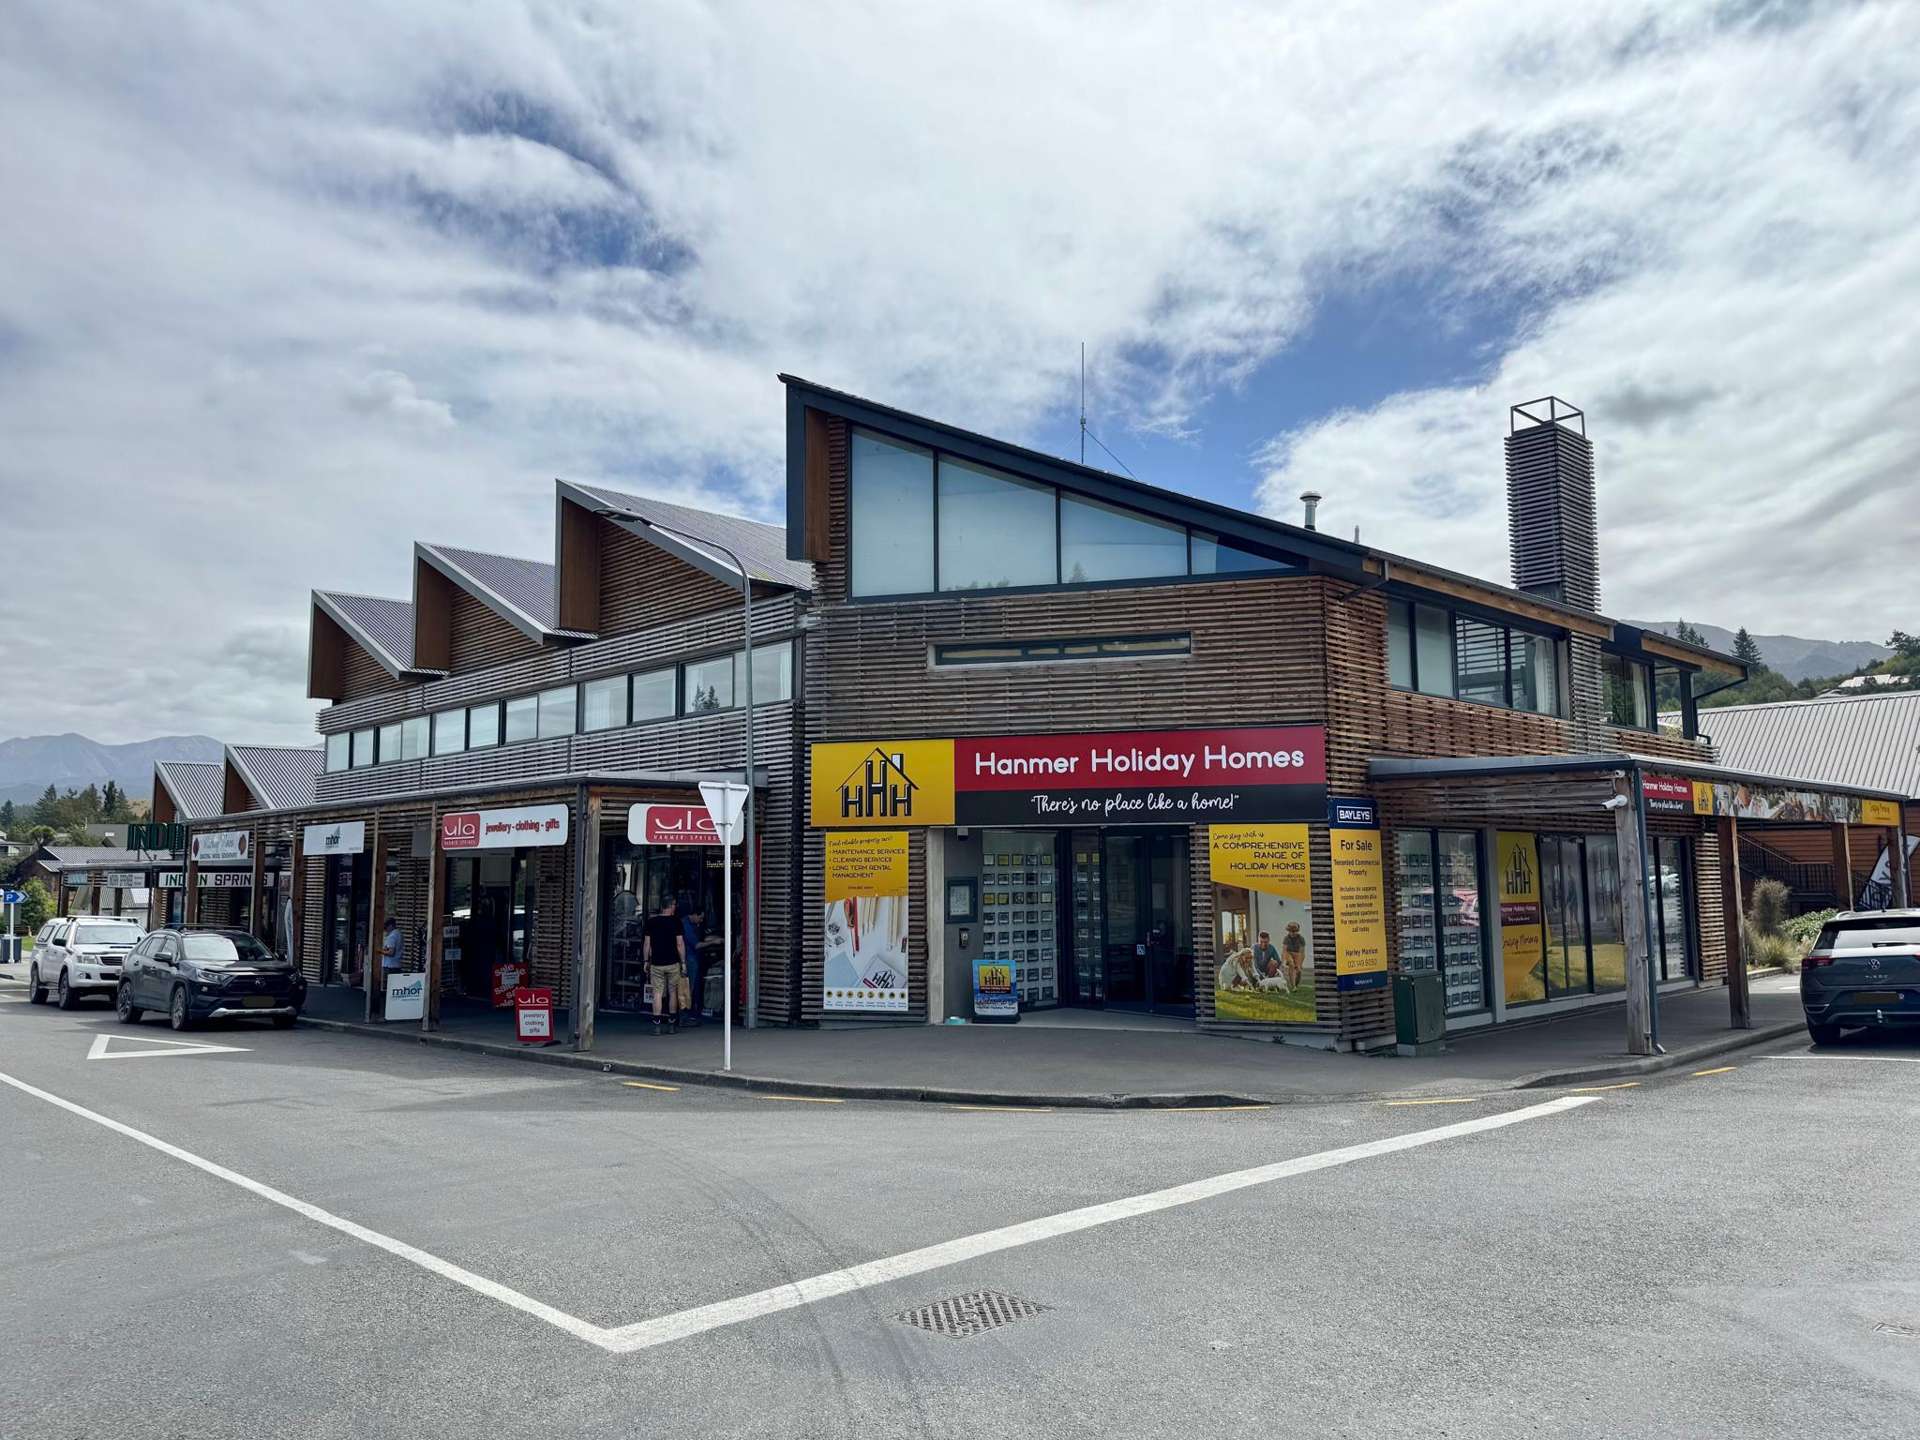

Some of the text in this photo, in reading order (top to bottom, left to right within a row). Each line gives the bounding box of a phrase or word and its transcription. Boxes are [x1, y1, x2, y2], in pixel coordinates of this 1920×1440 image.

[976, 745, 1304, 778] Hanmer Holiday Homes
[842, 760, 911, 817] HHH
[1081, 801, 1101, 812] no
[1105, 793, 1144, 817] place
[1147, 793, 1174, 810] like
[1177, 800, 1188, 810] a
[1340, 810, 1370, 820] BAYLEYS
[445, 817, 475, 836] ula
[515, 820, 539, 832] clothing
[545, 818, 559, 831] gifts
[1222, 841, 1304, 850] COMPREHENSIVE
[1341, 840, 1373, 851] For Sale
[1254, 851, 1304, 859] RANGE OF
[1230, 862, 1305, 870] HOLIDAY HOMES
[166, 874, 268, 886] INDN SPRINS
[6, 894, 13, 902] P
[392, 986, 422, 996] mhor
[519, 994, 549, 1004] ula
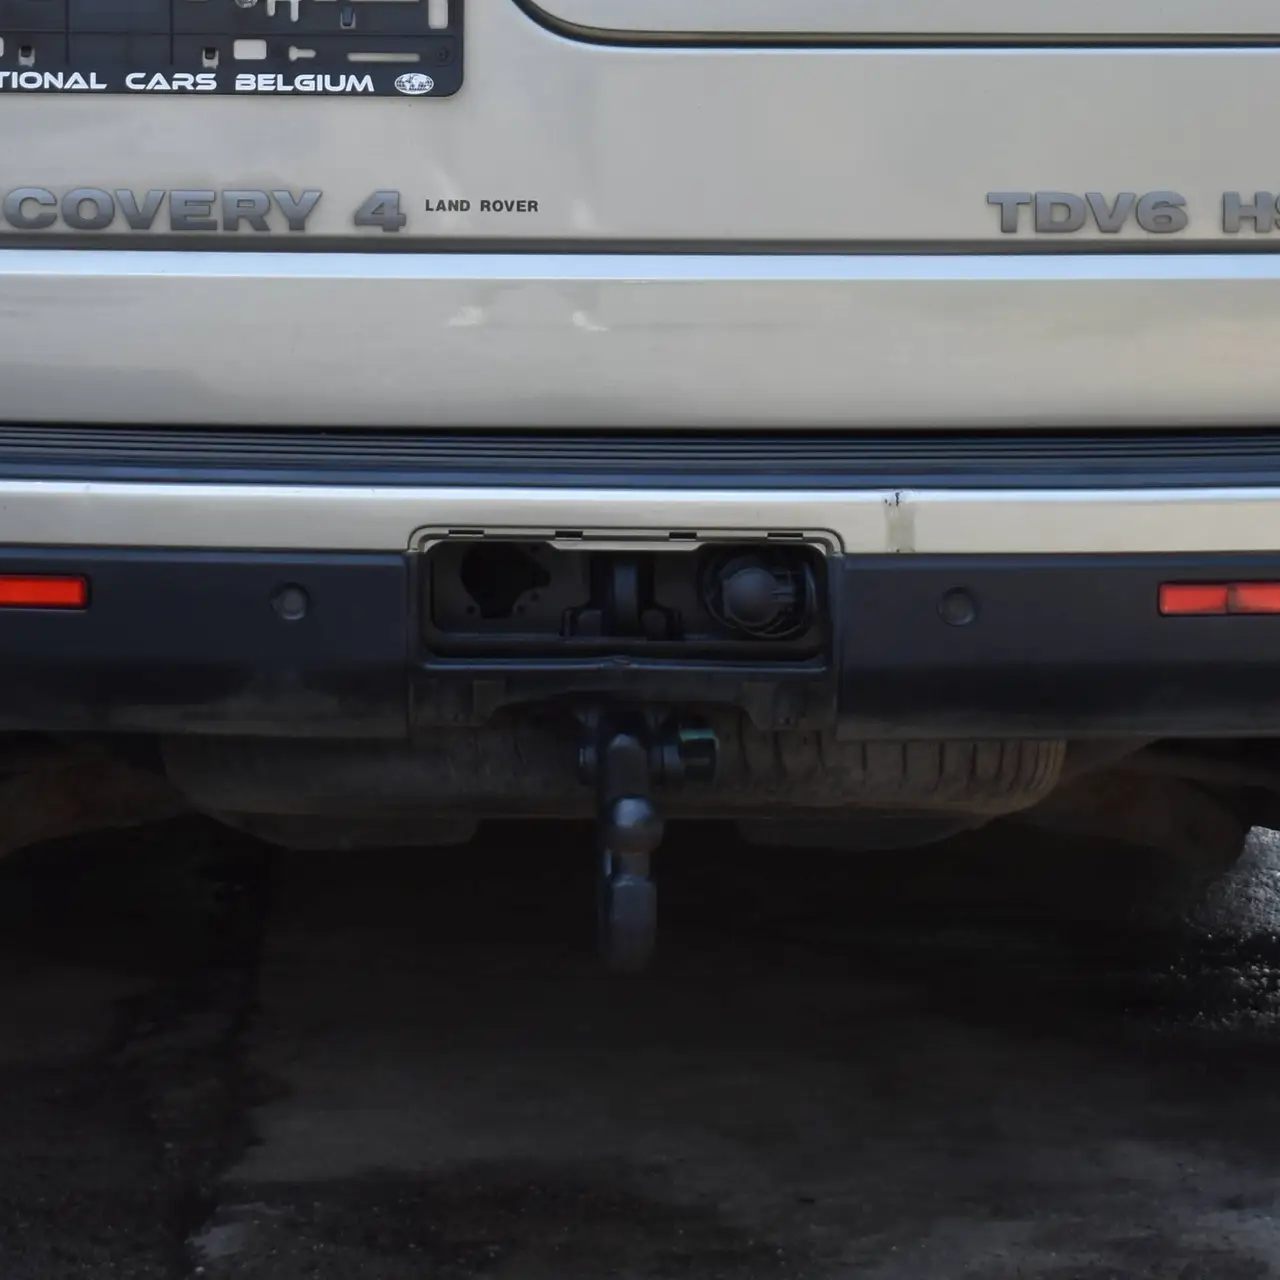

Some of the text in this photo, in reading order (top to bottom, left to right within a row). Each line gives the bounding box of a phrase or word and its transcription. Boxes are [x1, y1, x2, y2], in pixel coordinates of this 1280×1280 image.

----------------------------------------

_Directions_:
You are asked to reproduce each line above exactly, but to exclude the pictures.

_Solution below_:
Some of the text in this photo, in reading order (top to bottom, left to right within a row). Each line gives the bounding box of a phrase or word and its transcription. Boxes are [x1, y1, x2, y2], in pixel coordinates of this 1920×1440 image.

[976, 745, 1304, 778] Hanmer Holiday Homes
[842, 760, 911, 817] HHH
[1081, 801, 1101, 812] no
[1105, 793, 1144, 817] place
[1147, 793, 1174, 810] like
[1177, 800, 1188, 810] a
[1340, 810, 1370, 820] BAYLEYS
[445, 817, 475, 836] ula
[515, 820, 539, 832] clothing
[545, 818, 559, 831] gifts
[1222, 841, 1304, 850] COMPREHENSIVE
[1341, 840, 1373, 851] For Sale
[1254, 851, 1304, 859] RANGE OF
[1230, 862, 1305, 870] HOLIDAY HOMES
[166, 874, 268, 886] INDN SPRINS
[6, 894, 13, 902] P
[392, 986, 422, 996] mhor
[519, 994, 549, 1004] ula

Some of the text in this photo, in reading order (top to bottom, left to right within a row). Each line gives the bounding box of a phrase or word and its transcription. Boxes are [x1, y1, x2, y2], in pixel coordinates of this 1280×1280 image.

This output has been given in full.